Last night the US got its first dose of really bad coronavirus news, when Washington State announced it was the site of the country’s first coronavirus death on Saturday, while additionally reporting that two confirmed cases of COVID-19 were confirmed at a long-term care facility in Kirkland, Washington, prompting the state to declare a state of emergency, even as President Trump issued new foreign travel warnings and restrictions on Saturday afternoon in an effort to stop the spread of the virus, while also urging calm among members of the public.

There was worse news: researchers who studied two cases in the state say that the virus may have been spreading there for weeks, suggesting the possibility that up to 1,500 people in the state may have been infected. Specifically, the researchers compared two cases to learn more about how the coronavirus spreads. The viral mutations suggest that it has been spreading in the state for close to six weeks, according to one of the scientists who compared the sequences, Trevor Bedford, an associate professor at the University of Washington.

If that is true, it could mean that 150 to 1,500 people “have either been infected and recovered or currently are infected now,” said Mike Famulare, a researcher at the Institute for Disease Modeling in Bellevue, Wash., who performed the analysis. Those cases, if they exist, have thus far been undetected.

And most problematic of all, many of those people might not yet have symptoms even if they are contagious. Dr, Famulare characterized his estimate of community cases as a “best guess, with broad uncertainty.” Another method, based on census data and estimated sampling, produced similar results, he said.

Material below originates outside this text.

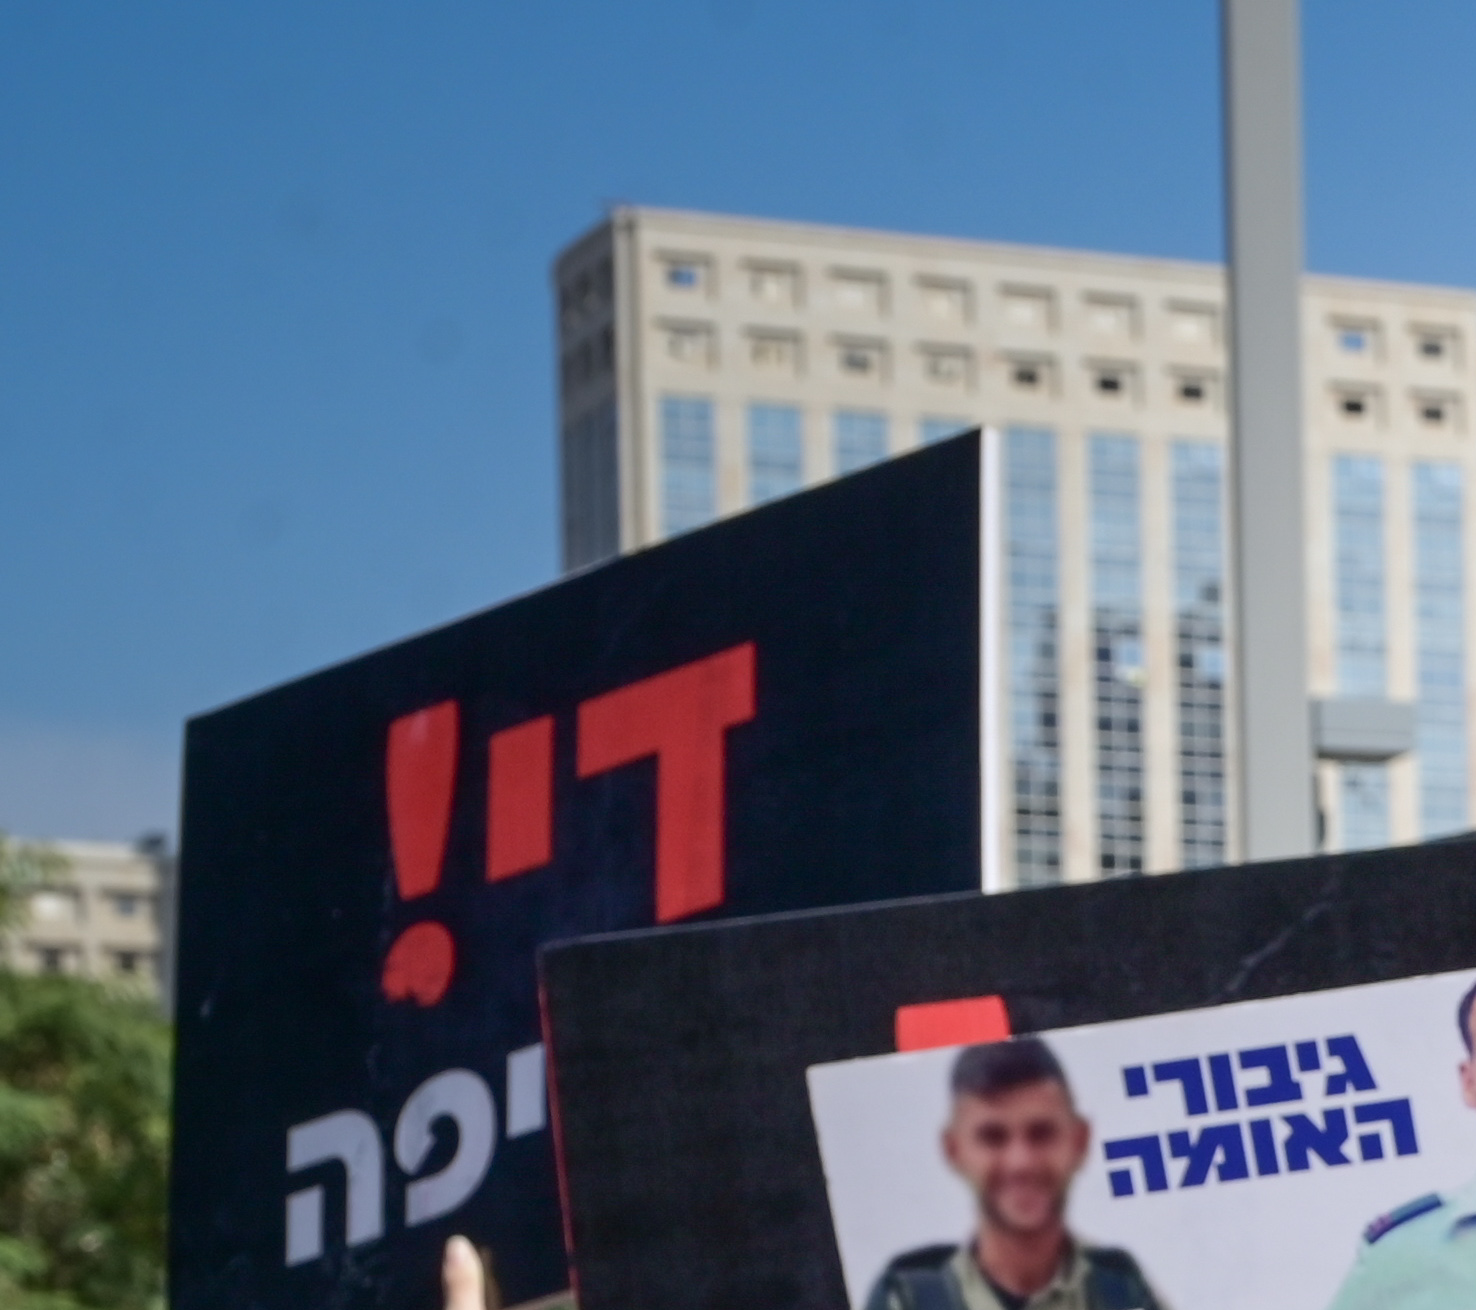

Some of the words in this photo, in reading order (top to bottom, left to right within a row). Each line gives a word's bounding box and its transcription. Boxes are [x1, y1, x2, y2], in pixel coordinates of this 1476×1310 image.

Through Sunday, there were only 71 confirmed cases in the United States, although that is mostly a function of testing limitations; over the weekend the Food and Drug Administration announced that testing for the coronavirus would be greatly expanded in the country, a move that is expected to improve the pace of detecting infections and help identify patterns of suspected or confirmed cases.

It may also result in hundreds if not thousands of new confirmed cases, and has already prompted a furious hoarding of provisions in what may be a harbinger of the panicked response that could descend upon the nation once the CDC admits there are thousands of domestic cases.